2 Quelle est l'épouse qui, recevant de son époux beaucoup de bijoux
précieux ne lui donne au moins une pauvre petite bague, non à
cause de sa valeur - puisque tout appartient à l'époux - mais
comme marque d'amour, comme gage qu'elle sera sienne jusqu'à la mort
? Le Seigneur mériterait-il moins pour que nous nous moquions ainsi de
lui ? ne lui reprenons-nous pas aussitôt ce rien que nous venons de lui
donner ? Donnons-lui ces instants que nous avons décidé de lui
consacrer ; ils sont bien peu de chose en comparaison du temps que nous dépensons
pour nous ou pour des personnes qui ne nous en saurons pas gré ; l'esprit
libre et dégagé de tout le reste, offrons-les-lui avec une ferme
résolution de ne jamais les lui reprendre, quelles que soient les épreuves
qui pourront arriver, les contradictions et les sécheresses ; considérons
que ce temps ne nous appartient plus et que nous pourrions être appelés
à en rendre compte si nous ne voulions pas le donner totalement.
3 Quand je dis " totalement ", n'allez pas imaginer que vous reprendriez
ce que vous avez donné si un, ou plusieurs jours, vous ne faisiez pas
oraison à cause d'occupations légitimes ; il suffit que l'intention
reste ferme, et mon Dieu n'est nullement pointilleux ; il ne s'arrête
pas à des bagatelles ; il vous saura gré de votre bonne volonté
car, en définitive, vous lui aurez donné quelque chose. L'autre
manière est bonne pour ceux qui ne sont pas généreux, et
sont si parcimonieux qu'ils n'ont pas le courage de donner ; c'est déjà
beaucoup qu'ils prêtent. Enfin, qu'ils fassent quelque chose, notre Empereur
prend tout en compte ; il se conforme à notre façon de procéder.
Quand il reçoit nos comptes, il ne se montre nullement chiche, mais généreux
; quelle que soit la portée de nos dettes, il lui en coûte peu
de pardonner. Pour nous payer il est si exact qu'il ne laissera pas sans récompense,
soyez-en sûrs, le simple fait de lever les yeux au ciel en nous souvenant
de lui.
4 Le second motif pour lequel nous devons être fermement résolues,
c'est que le démon n'a pas autant de prise pour nous induire en tentation.
Il redoute beaucoup les âmes fortes ; il sait par expérience le
grand préjudice qu'elles lui causent, et que tout ce qu'il invente pour
leur nuire tourne à leur avantage et à celui du prochain : c'est
lui le perdant.
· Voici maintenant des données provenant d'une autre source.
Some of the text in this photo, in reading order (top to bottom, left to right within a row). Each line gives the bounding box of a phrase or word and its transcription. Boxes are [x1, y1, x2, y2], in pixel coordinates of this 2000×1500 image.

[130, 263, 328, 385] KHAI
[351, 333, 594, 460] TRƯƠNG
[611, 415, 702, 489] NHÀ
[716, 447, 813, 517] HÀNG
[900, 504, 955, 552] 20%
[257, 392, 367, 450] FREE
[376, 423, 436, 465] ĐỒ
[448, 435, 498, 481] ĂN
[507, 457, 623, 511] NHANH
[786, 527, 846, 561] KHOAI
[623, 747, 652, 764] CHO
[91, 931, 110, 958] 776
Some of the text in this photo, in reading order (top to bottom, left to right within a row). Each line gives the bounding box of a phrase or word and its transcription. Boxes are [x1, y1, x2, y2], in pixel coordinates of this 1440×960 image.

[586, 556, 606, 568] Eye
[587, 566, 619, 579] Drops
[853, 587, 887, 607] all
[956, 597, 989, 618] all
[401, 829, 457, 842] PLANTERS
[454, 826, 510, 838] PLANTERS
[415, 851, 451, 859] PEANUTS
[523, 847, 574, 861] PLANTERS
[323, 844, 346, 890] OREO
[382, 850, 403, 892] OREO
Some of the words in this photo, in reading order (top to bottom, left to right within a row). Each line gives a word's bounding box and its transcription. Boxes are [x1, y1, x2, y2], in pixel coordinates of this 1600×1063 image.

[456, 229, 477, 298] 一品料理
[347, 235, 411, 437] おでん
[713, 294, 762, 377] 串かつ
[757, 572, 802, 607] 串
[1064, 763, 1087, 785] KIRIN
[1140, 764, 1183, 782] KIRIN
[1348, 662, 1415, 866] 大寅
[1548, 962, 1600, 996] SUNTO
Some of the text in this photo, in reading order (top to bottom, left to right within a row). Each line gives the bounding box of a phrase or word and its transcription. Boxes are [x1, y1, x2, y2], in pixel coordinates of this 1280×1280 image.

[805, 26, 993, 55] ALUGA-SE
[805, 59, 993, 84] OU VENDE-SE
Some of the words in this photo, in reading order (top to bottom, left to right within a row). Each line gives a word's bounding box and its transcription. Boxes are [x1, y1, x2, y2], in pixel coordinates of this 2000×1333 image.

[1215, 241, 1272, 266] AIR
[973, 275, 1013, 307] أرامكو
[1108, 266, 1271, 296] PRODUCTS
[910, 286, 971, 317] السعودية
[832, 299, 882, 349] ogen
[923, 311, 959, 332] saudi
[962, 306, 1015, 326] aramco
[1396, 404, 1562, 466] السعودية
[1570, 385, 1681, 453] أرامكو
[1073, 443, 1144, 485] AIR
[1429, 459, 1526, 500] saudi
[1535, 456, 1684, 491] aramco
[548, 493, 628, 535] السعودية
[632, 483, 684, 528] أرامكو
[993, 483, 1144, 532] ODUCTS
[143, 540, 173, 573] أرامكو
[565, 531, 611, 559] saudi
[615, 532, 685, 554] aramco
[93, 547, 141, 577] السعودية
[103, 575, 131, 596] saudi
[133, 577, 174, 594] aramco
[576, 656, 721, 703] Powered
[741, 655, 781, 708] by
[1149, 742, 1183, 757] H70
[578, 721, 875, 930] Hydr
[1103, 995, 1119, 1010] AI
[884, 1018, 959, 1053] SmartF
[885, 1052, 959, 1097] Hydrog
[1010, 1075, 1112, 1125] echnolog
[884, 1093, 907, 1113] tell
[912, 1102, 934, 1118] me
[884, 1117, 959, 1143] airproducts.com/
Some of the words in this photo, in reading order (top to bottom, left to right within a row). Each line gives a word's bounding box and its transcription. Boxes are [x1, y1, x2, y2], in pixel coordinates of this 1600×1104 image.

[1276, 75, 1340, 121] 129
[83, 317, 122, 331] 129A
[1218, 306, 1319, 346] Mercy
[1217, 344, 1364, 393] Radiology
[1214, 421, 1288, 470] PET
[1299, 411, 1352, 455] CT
Néanmoins, nous ne devons pas nous montrer négligents
ni nous fier à ceci, parce que nous avons affaire à une race de
traîtres ; si nous sommes vigilants, ils n'oseront pas nous attaquer car
ils sont très lâches ; mais s'ils voient que nous ne sommes plus
sur nos gardes, ils nous feront beaucoup de mal. Si l'ennemi s'aperçoit
que quelqu'un est hésitant, sans constance dans le bien qu'il fait et
sans grande résolution d'y persévérer, il ne lui laisse
de repos ni jour ni nuit ; il ne cesse de l'effrayer et suscite des difficultés
à n'en plus finir. Je le sais par expérience - c'est pourquoi
j'ai pu en parler - et j'ajoute que personne n'en réalise la grande importance.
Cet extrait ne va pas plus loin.